Боюсь, в XXI веке вопрос будет стоять в следующем — кому достанутся безграничные российские ресурсы: Америке или Китаю.
Я лично предпочитаю Китай.
Все равно они схватятся, они неизбежно схватятся — а нам (завоеванным ли, не завоеванным), подобно скифам Блока, ничего не останется делать, как наблюдать за рингом…
Россия — корабль, который при своем потоплении утянет за собой весь мир.
Родильные дома — мрачные, до краев наполненные болью места, в которых бедные женщины расплачиваются за свое сладострастие.
Мужики бегают вокруг, орут во все окна — и тоже расплачиваются. Зато потом — радость.
В каждой мудрости есть доля правды.
Я знаю самого великого неудачника всех времен и народов — это Пит Бест.
«Когда Джон Кеннеди стал президентом Соединенных Штатов, он спросил у своего министра обороны: “Сколько раз мы можем уничтожить СССР?” Тот ответил: “Двадцать раз, а они нас — только пять”. На что Кеннеди ответил, что достаточно и одного раза…»
Нет, по-своему американец чудесен. Но не дай бог, если он заполонит собой весь мир…
Купаюсь в собственной скромности. Какая я все-таки сволочь!
Иногда одна-единственная фотография расскажет о стране или о месте гораздо больше самого внушительного текста.
Воспоминание о давно уже исчезнувшей «Пышечной» всякий раз заставляет влажнеть мои не такие уж и сентиментальные глаза. И дело не в ней самой (она располагалась напротив моего дома и была совершенно обыкновенной) и даже не в пышках (исключительно, кстати, вкусных), а в машине по их изготовлению — невероятной, огромной, пузатой, стеклянной, поставленной на всеобщее обозрение. Восторг всякий раз охватывал меня, малолетку, когда приближался я к живой, дышащей, безостановочно работающей махине. Внутри машины творилось нечто невообразимое! Железной клешней захватывала она очередную порцию возникающего, казалось бы, из ниоткуда теста и шлепала порцию в формочку, в которой шипело масло, — конвейер двигался по кругу. Поначалу нечто белое, бесформенное, на глазах у нас, изумленных детишек, намертво прилипших к стеклу (от этого стекла не то что за уши оттащить, от него отодрать не могли никакие родители), превращалось в очередное румяное чудо, которое сгребала потом и присоединяла к таким же пышкам не менее румяная пышечка-продавщица… А машина работала, она сопела, вздыхала, двигалась всеми своими частями, и от бесконечности ее труда у меня всякий раз захватывало дух.
Это было феноменально, это было завораживающе, это было слишком здорово — пожалуй, ничто не могло сравниться с этим в моем не таком уж и богатом событиями детстве…

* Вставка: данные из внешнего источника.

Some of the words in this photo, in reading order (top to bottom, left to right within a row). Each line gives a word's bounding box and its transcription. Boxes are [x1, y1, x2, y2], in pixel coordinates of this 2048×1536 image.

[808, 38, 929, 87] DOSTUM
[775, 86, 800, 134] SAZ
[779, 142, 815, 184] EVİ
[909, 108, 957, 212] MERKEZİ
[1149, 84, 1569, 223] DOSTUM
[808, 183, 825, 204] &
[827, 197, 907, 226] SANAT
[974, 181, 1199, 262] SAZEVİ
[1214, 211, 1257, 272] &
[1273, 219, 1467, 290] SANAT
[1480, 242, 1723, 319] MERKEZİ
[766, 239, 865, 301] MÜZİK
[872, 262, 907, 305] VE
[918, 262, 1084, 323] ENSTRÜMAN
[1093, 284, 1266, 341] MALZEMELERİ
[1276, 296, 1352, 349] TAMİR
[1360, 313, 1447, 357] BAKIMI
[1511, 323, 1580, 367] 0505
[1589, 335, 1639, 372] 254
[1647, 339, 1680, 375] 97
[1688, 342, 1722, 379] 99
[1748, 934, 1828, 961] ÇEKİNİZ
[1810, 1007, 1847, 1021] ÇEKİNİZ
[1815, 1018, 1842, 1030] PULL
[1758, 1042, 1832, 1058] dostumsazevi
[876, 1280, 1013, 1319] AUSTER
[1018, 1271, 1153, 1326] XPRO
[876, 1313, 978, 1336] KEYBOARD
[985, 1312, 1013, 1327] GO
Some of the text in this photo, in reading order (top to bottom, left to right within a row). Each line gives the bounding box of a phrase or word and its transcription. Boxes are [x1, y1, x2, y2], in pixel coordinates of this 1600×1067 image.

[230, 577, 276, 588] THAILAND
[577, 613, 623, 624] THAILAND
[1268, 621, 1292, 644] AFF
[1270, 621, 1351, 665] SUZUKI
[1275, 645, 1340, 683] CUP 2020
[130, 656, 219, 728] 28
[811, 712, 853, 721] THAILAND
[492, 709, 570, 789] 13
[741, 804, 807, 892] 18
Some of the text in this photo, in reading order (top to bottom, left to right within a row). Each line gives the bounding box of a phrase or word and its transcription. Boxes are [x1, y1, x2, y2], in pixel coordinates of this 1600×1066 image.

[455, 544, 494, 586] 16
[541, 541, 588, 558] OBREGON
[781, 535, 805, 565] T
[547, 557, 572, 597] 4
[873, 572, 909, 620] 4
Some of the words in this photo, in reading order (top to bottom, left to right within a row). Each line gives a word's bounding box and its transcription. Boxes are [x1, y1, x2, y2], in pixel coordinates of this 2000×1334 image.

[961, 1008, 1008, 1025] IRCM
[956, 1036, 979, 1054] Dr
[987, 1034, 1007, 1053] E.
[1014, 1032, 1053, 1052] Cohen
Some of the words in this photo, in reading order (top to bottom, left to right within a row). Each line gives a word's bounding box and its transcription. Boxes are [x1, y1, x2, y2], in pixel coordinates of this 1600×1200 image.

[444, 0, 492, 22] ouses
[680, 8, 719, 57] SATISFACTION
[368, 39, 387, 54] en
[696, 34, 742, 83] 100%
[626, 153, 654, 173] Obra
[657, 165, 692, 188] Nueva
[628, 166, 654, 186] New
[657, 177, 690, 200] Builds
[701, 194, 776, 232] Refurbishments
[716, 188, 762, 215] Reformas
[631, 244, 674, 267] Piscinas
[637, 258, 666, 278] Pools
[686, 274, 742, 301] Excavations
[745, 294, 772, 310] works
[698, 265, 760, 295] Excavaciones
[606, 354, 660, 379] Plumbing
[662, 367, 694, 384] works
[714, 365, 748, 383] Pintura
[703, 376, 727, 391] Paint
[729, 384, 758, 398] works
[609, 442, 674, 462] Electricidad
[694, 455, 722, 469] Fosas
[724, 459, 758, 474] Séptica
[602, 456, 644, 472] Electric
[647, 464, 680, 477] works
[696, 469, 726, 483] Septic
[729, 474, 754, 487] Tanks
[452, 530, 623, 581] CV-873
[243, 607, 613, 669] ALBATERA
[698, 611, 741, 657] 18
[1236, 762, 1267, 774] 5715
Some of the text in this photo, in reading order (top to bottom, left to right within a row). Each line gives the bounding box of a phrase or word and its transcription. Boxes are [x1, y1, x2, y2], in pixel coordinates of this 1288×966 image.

Машина по изготовлению пышек.
Человек — удивительное существо. До сих пор не по могучему Союзу грущу я, не по растворившейся куда-то суровой мощи, не по знаменам и лозунгам ушедшей страны, а по ней, усердно трудящейся в обыкновенной, давно уже растворившейся во времени, несуществующей ныне незатейливой советской «Пышечной».
Я тоскую по той машине.
Ибо только тогда, когда я прикасался к ее стеклу, мир для меня превращался в сказку.
Ибо только тогда, потрясенный ею — ее клешней, ее усердием, ее поистине неутомимой деятельностью, — признаюсь, я был по-настоящему счастлив…
Мне очень нравится название одного из лекарств: «Настойка пиона уклоняющегося».
Уклоняющийся пион — перед глазами сразу встает нечто во фраке, в белых перчатках, донельзя утонченное, донельзя аристократическое, обрызганное духами и обязательно уклоняющееся…
Две удивительные страны: Буркина-Фасо и Кот-д’Ивуар. В первом случае приходит на ум фасоль. Во втором — так и видишь перед собой важного напыщенного кота д’Ивуара.
Что за сор — человеческий мозг! Какая невиданная помойка мыслей!
Ислам при всей своей внешней суровости исключительно милосерден к мужчине. Он дает ему право полигамии…
У меня отвратительный характер. Я пессимист. Не чужд алкоголю. Кроме того, терзаюсь всяческими неврозами. Короче — я писатель.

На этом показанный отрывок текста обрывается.